▸ **What to produce**
Your copy of the data should leave out the images and match everything else exactly.

════════════════════

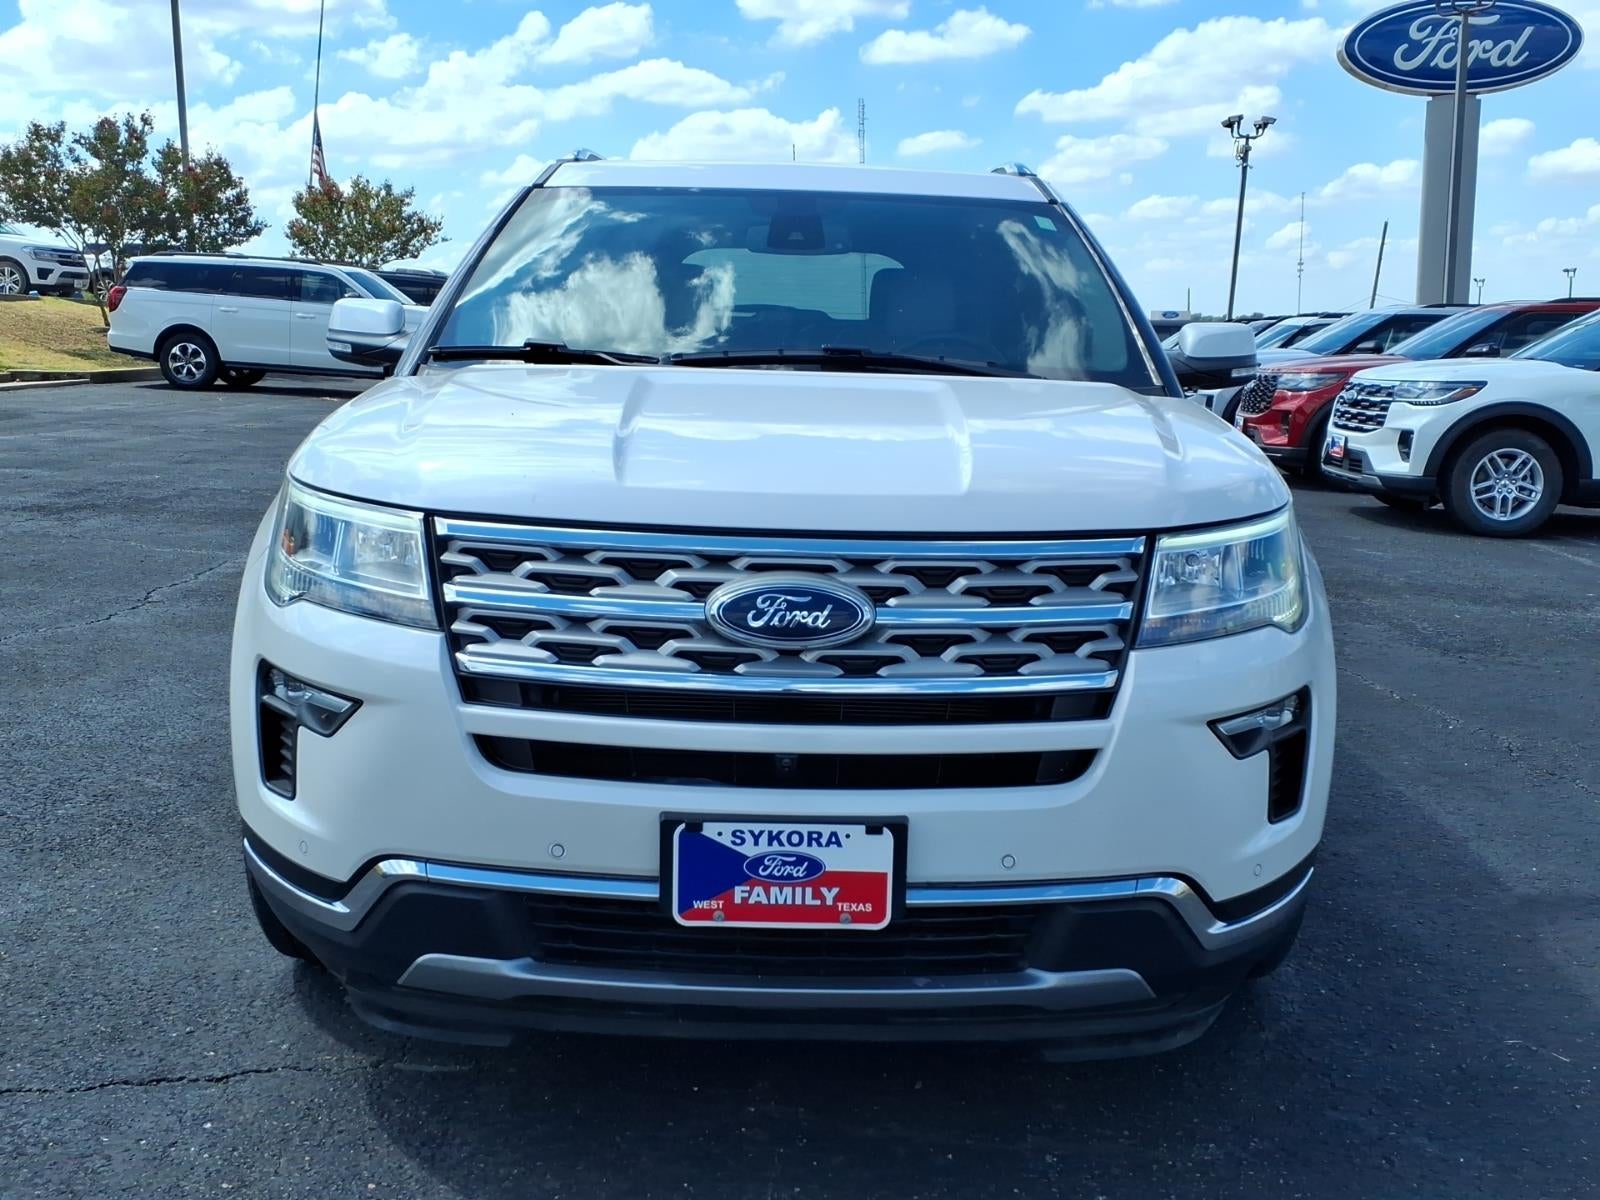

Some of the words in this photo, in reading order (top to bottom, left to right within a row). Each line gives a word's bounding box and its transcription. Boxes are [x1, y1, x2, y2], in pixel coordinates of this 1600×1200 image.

[1393, 14, 1535, 71] Ford
[747, 593, 833, 629] Ford
[730, 829, 843, 848] SYKORA
[758, 854, 808, 878] Ford
[692, 899, 725, 910] WEST
[836, 902, 873, 912] TEXAS
[733, 885, 840, 906] FAMILY
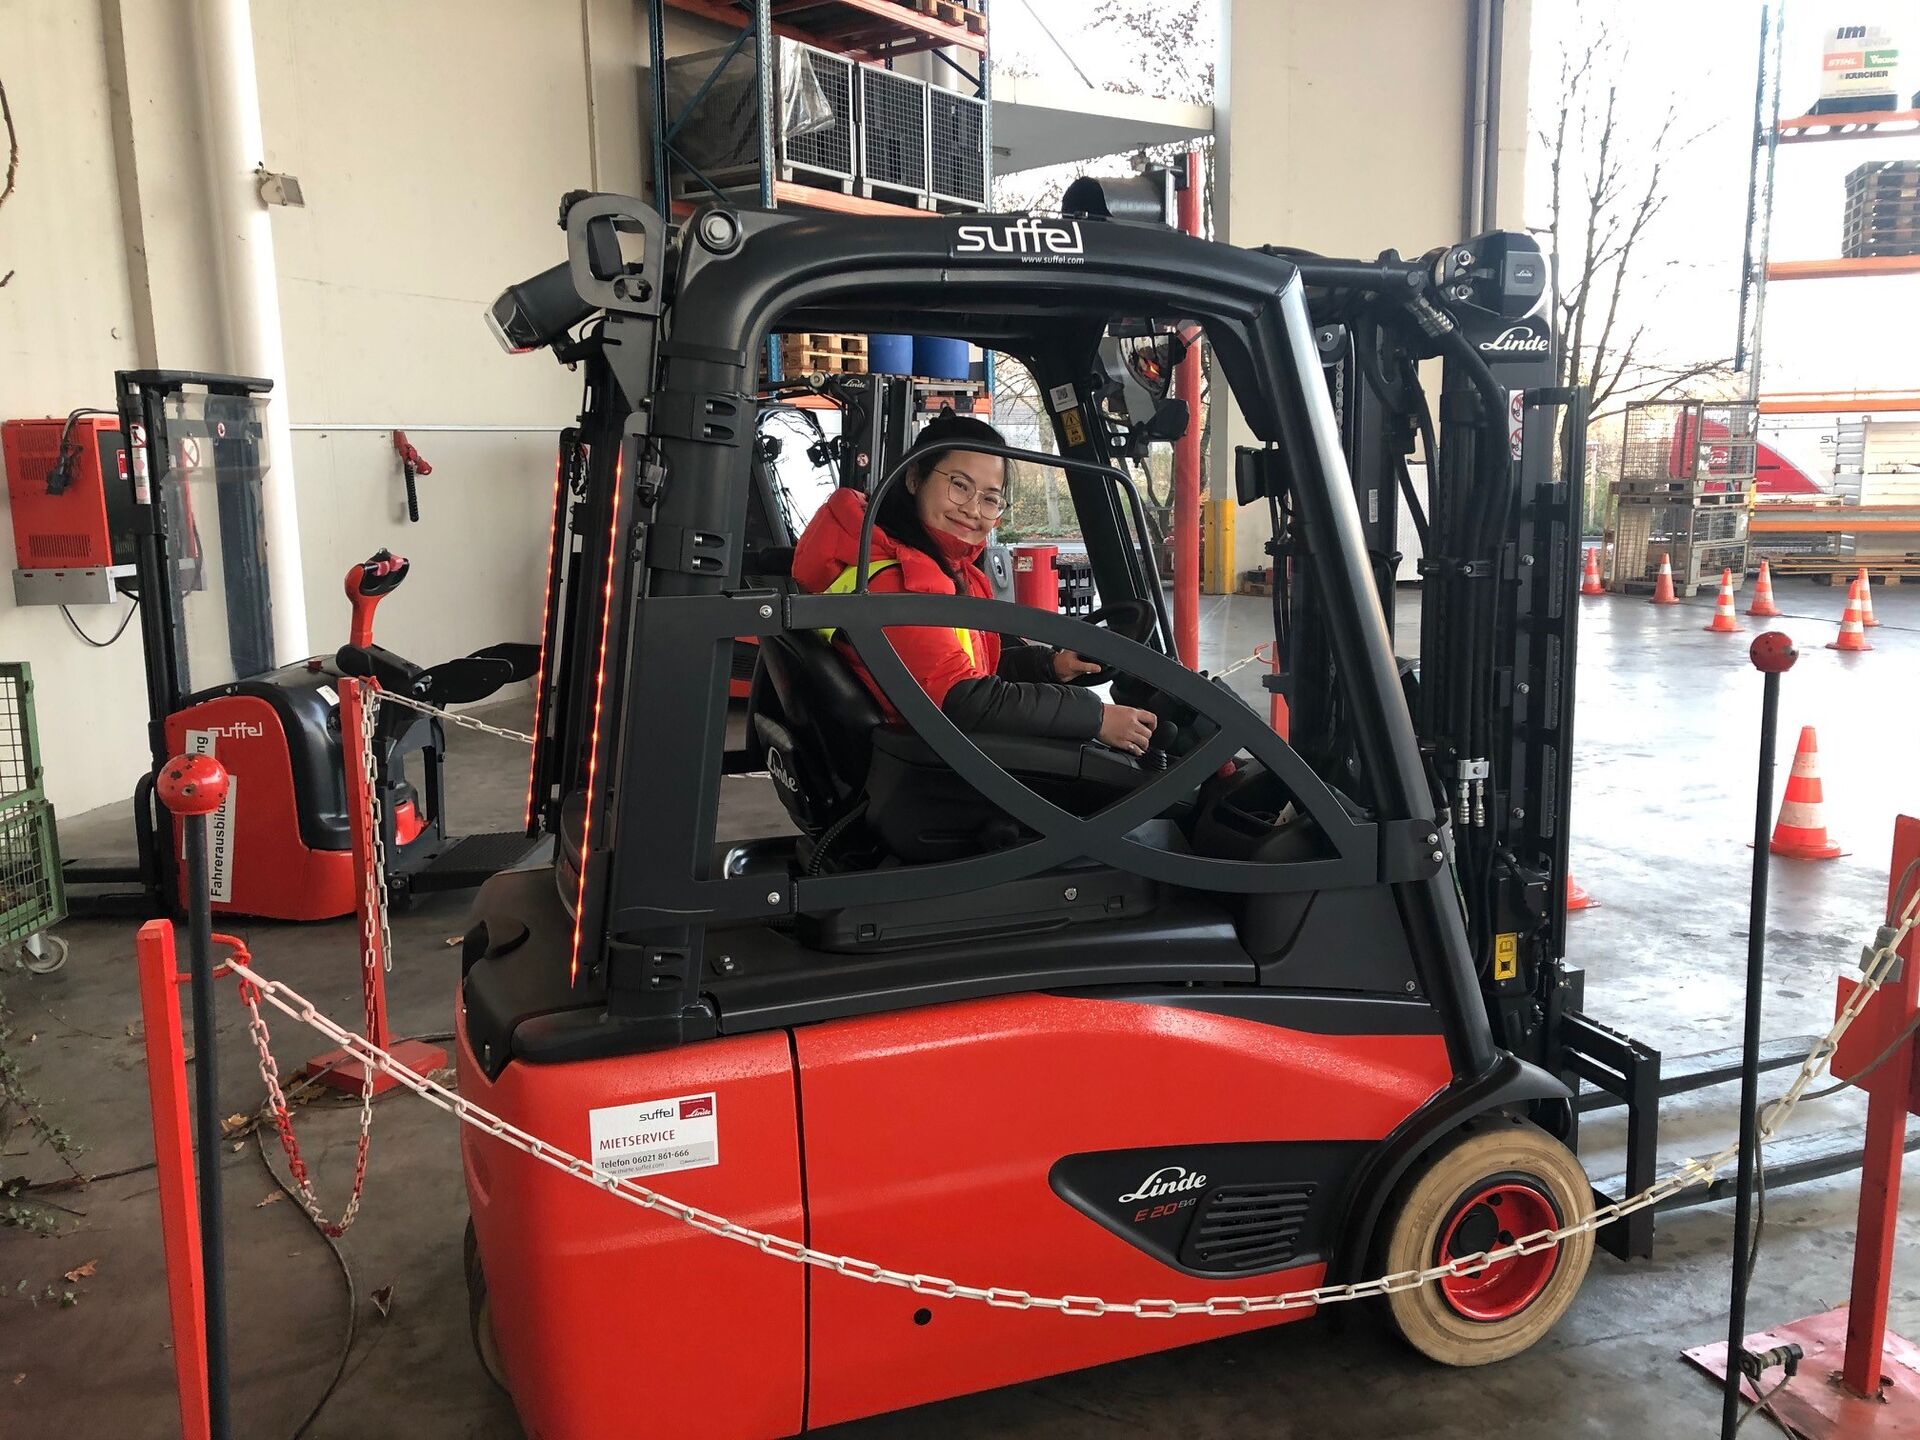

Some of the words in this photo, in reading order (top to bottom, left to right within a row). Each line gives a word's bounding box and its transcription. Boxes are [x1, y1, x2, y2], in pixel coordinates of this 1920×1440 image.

[957, 218, 1084, 254] suffel
[1021, 255, 1085, 264] www.suffel.com
[1479, 326, 1549, 351] Linde
[767, 746, 799, 792] Linde
[211, 797, 227, 897] Fahrerausbild
[639, 1107, 674, 1122] suffel
[600, 1129, 676, 1150] MIETSERVICE
[601, 1157, 630, 1169] Telefon
[632, 1154, 656, 1165] 06021
[658, 1148, 690, 1161] 861-666
[1118, 1166, 1207, 1203] Linde
[1135, 1208, 1150, 1222] E
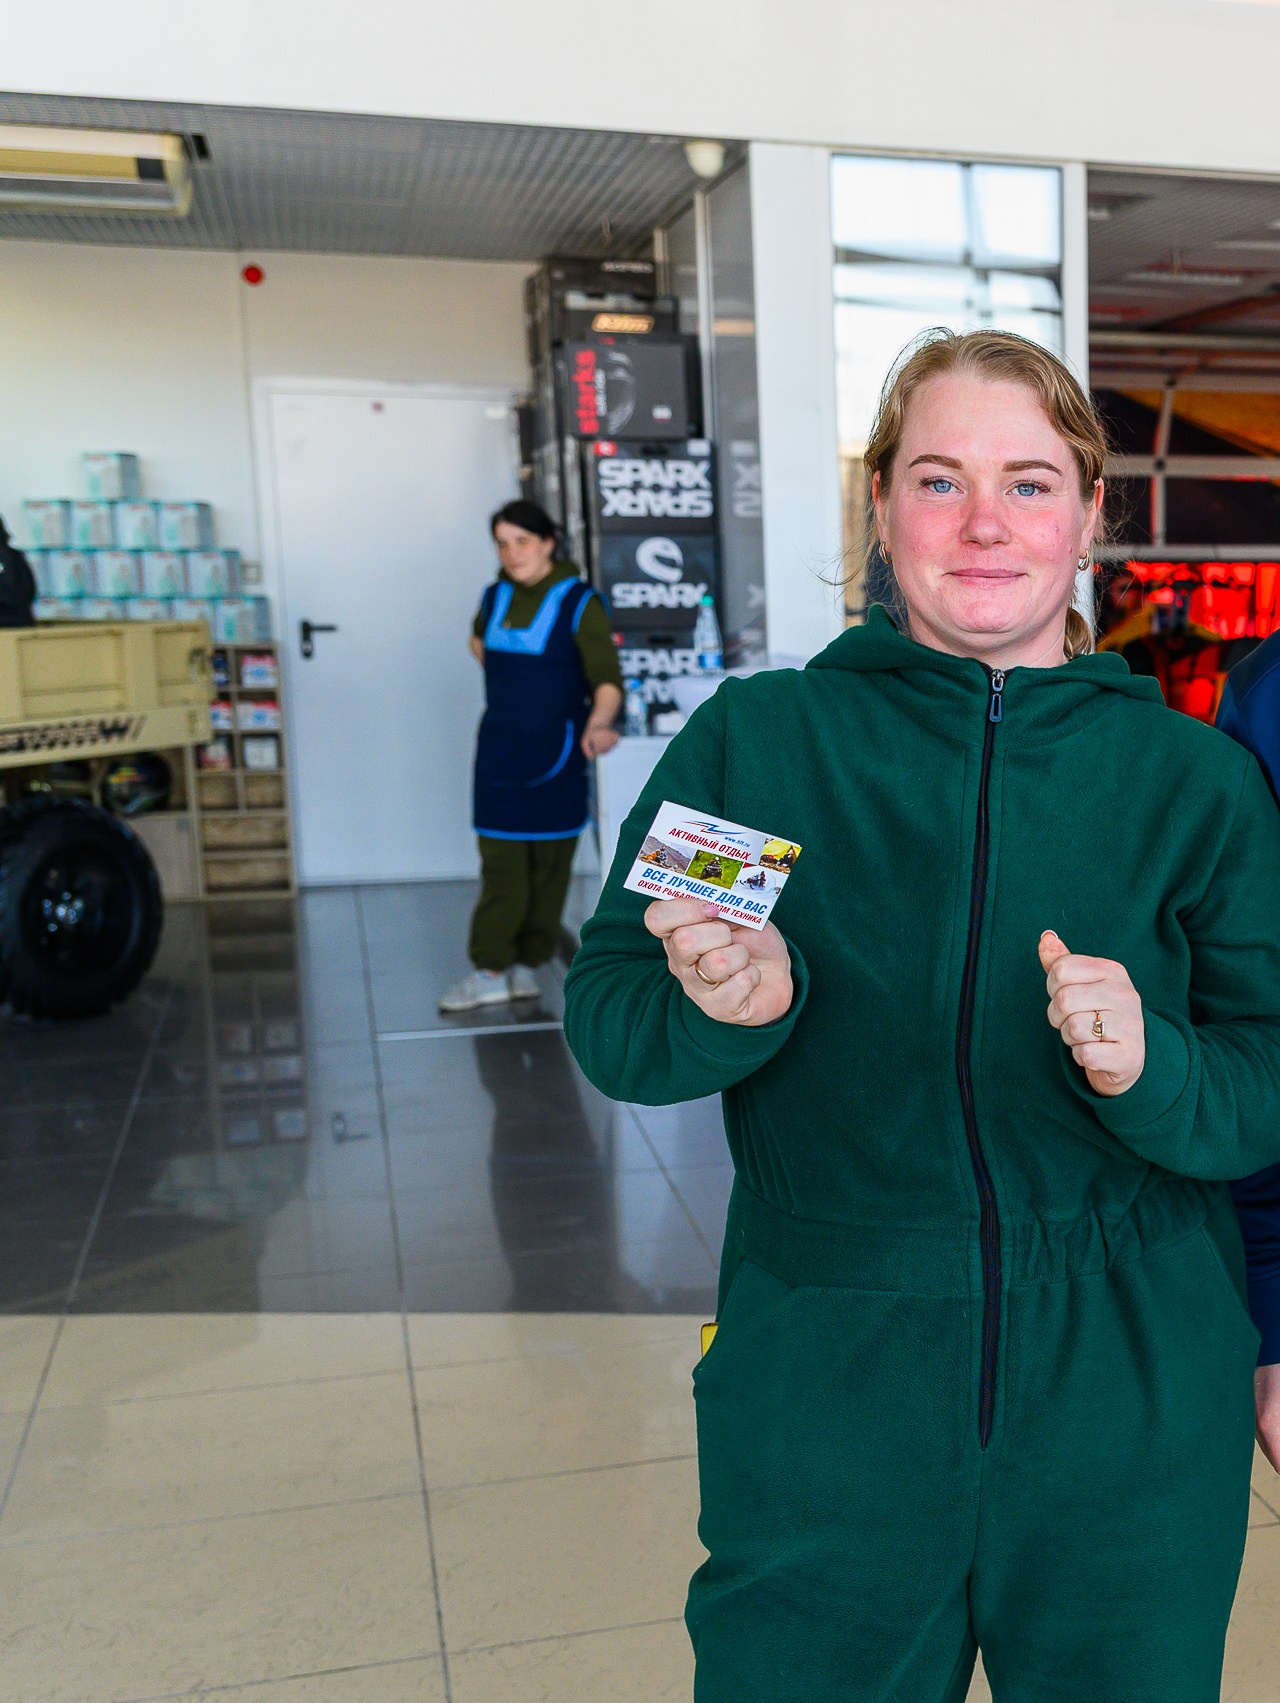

════════════════════

▸ **Completed exercise**
Some of the words in this photo, in reading order (top to bottom, left to right within a row). Each line gives a word's bounding box and its transcription. Boxes are [x1, y1, x2, y2], in pixel coordinates of this 1600×1200 image.

[1393, 14, 1535, 71] Ford
[747, 593, 833, 629] Ford
[730, 829, 843, 848] SYKORA
[758, 854, 808, 878] Ford
[692, 899, 725, 910] WEST
[836, 902, 873, 912] TEXAS
[733, 885, 840, 906] FAMILY

Some of the words in this photo, in reading order (top to bottom, left to right within a row). Each line gives a word's bounding box and its transcription. Boxes are [x1, y1, x2, y2], in pixel coordinates of this 1920×1440 image.

[957, 218, 1084, 254] suffel
[1021, 255, 1085, 264] www.suffel.com
[1479, 326, 1549, 351] Linde
[767, 746, 799, 792] Linde
[211, 797, 227, 897] Fahrerausbild
[639, 1107, 674, 1122] suffel
[600, 1129, 676, 1150] MIETSERVICE
[601, 1157, 630, 1169] Telefon
[632, 1154, 656, 1165] 06021
[658, 1148, 690, 1161] 861-666
[1118, 1166, 1207, 1203] Linde
[1135, 1208, 1150, 1222] E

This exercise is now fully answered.